We share important prescription drug information to help you stay informed about updates concerning particular prescription medicines.

VativoRx Bottle update

The FDA Approves New Botulinum Product

Hugel was granted approval by the U.S. Food and Drug Administration (FDA) on Feb. 29, 2024, for Letybo® (letibotulinuntoxinA-wlbg) injection. The neurotoxin is indicated for cosmetic use to temporarily smooth glabellar (frown) lines on the forehead. It will be injected by a healthcare professional intramuscularly (IM) into five separate sites on the forehead at a dose of 4 Units in each injection no more than once every 90 days. Although the total recommended dose for each treatment is 20 Units, it will be supplied in 50-unit and 100-Unit single-use vials for reconstitution. Beginning later in 2024, shipments will go directly to providers such as plastic surgeons and cosmetic dermatologist clinics. All botulinum toxin products have Medication Guides and boxed warnings because they potentially may cause widespread side effects, such as muscle weakness and vision changes if they migrate away from the areas where they are injected. Rarely, serious breathing or swallowing problems can occur. Side effects may not be evident until several months after the product has been injected. Other available botulinum products that have the same indication are Botox® Cosmetic (onabotulinumtoxinA – Allergan Aesthetics), Daxxify® (daxibotulinumtoxinA-lanm – Revance Therapeutics), Jeuveau (prabotulinumtoxinA-xvfs – Evolus) and Xeomin® (incobotulinumtoxinA – Merz Pharmaceuticals). None is interchangeable with any of the others. Look here for prescribing information.
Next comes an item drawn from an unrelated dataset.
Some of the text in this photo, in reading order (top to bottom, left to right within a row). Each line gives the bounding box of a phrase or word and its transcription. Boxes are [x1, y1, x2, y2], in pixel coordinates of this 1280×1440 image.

First Biosimilars Approved for Prolia and Xgeva

On March 5, 2024, the FDA approved Sandoz’s biosimilars for Amgen’s receptor activator of nuclear factor kappa beta ligand (RANKL) inhibitor, denosumab. Jubbonti® (denosumab-bbdz) injection is interchangeable with Prolia® (denosumab), and Wyost® (denosumab-bbdz) can be interchanged with Xgeva® (denosumab). Jubbonti is given by a health professional as a 60mg subcutaneous (SC) injection once every six months. It treats osteoporosis for individuals whose risk of fractures is high, including some who are taking glucocorticoids or certain drugs to treat breast or prostate cancer. A boxed warning and a risk evaluation and mitigation strategy (REMs) caution that using Prolia may raise the risk of dangerous hypocalcemia (low levels of calcium in the blood) for patients who have chronic kidney disease (CKD). Wyost is indicated to prevent bone-related incidents for some patients who have multiple myeloma, bone metastases from solid tumors, giant cell tumors of the bone or hypercalcemia of malignancy. After loading doses, it is administered SC at 120mg once every month. Jubbonti and Wyost cannot be substituted for one another. Ongoing lawsuits will prevent their launch for the foreseeable future. For prescribing information, please refer to the respective links for Jubbonti and Wyost.
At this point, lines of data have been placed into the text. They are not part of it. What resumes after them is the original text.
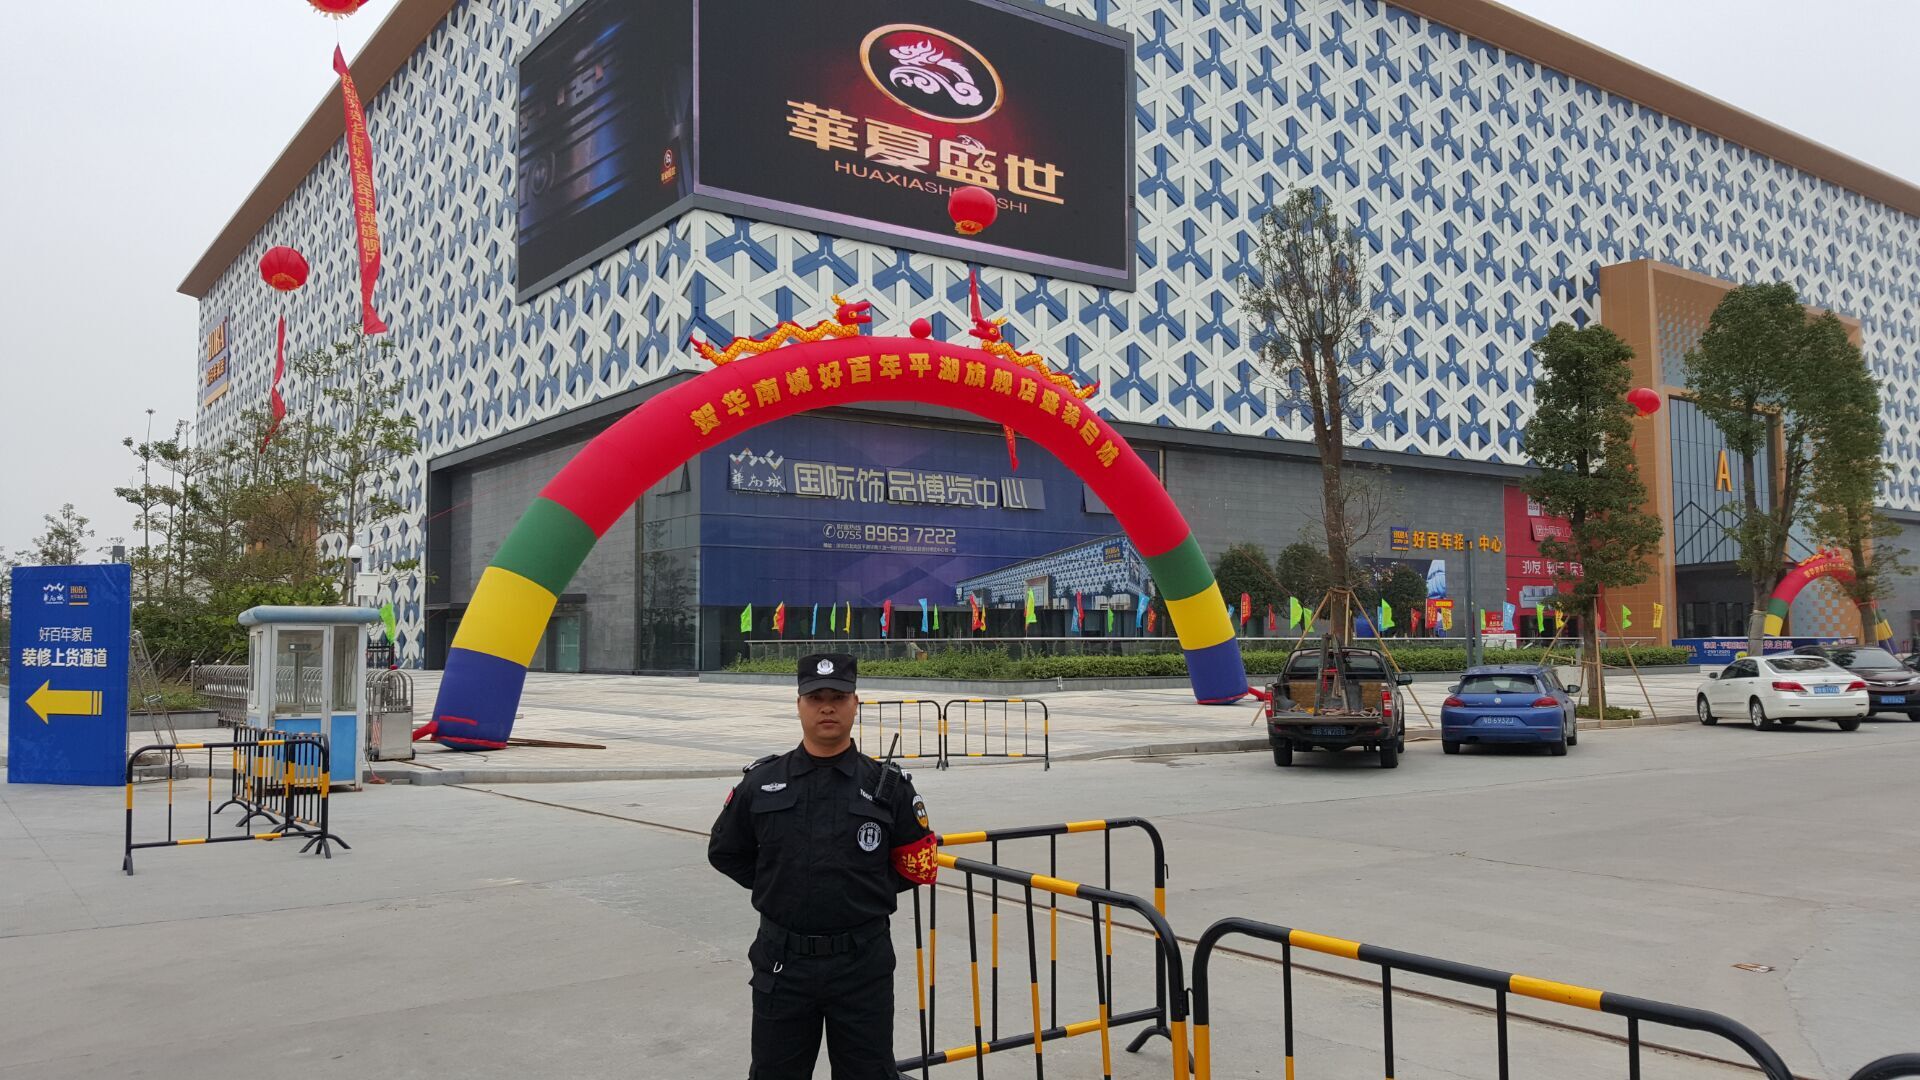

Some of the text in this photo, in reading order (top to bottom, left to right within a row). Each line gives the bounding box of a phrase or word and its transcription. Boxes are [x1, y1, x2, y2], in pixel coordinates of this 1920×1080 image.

[786, 100, 1065, 205] 華夏盛世
[834, 160, 1028, 214] HUAXIASHSHI
[689, 353, 1120, 468] 贺华南城好百年平湖旗舰店盛装启航
[793, 463, 1028, 509] 国际饰品博览中心
[1715, 448, 1732, 492] A
[836, 525, 957, 545] 0755 8963 7222
[1412, 530, 1502, 553] 好百年招中心
[70, 586, 88, 594] HOBA
[39, 627, 93, 642] 好百年家居
[22, 648, 107, 668] 装修上货通道
Second Actemra Biosimilar Approved

Fresenius Kabi received FDA approval on March 5, 2024, for Tyenne® (tocilizumab-aazg), a biosimilar to Actemra® (tocilizumab – Genentech). Tyenne is indicated for treating active, moderate to severe cases of rheumatoid arthritis (RA) and giant cell arteritis in adults, and active cases of polyarticular juvenile idiopathic arthritis (PJIA) and systemic juvenile idiopathic arthritis (SJIA) in patients who are as young as two years old. It can be used alone or combined with other anti-inflammatory drugs, such as methotrexate. It has a boxed warning because using any tocilizumab drug may increase the risk of opportunistic bacterial, fungal, viral or other infections. Before tocilizumab is started and during treatment with it, patients should be tested for tuberculosis (TB). Like Actemra, Tyenne will be available in vials for intravenous (IV) injections and in prefilled syringes and pen injector devices for SC use. Tofidence (tocilizumab-bavi – Biogen) the first Actemra biosimilar that was approved in the U.S. on Sept. 29, 2023, will be released only as an IV form. Check here for its complete prescribing information.

Clobetasol Ophthalmic Suspension Approved

The FDA approved Formosa Pharmaceuticals/AimMax Therapeutics’ Clobetasol Propionate Ophthalmic Suspension, 0.05%, on March 4, 2024. Using the company’s proprietary nanoparticle technology, it is a reformulation of a high-strength topical corticosteroid widely used on the skin to treat conditions such as atopic dermatitis and vitiligo. As the first ophthalmic version of the drug, it is indicated to reduce pain and inflammation caused by eye surgeries such as cataract removal. One drop will be used in each affected eye twice a day beginning on the day after the surgery and lasting for a total of two weeks. Patients using it should have intraocular pressure (IOP) measured during use because increases in IOP may be caused by corticosteroids. The U.S. distributor, Eyenovia, plans a mid-2024 launch. Here is its prescribing information.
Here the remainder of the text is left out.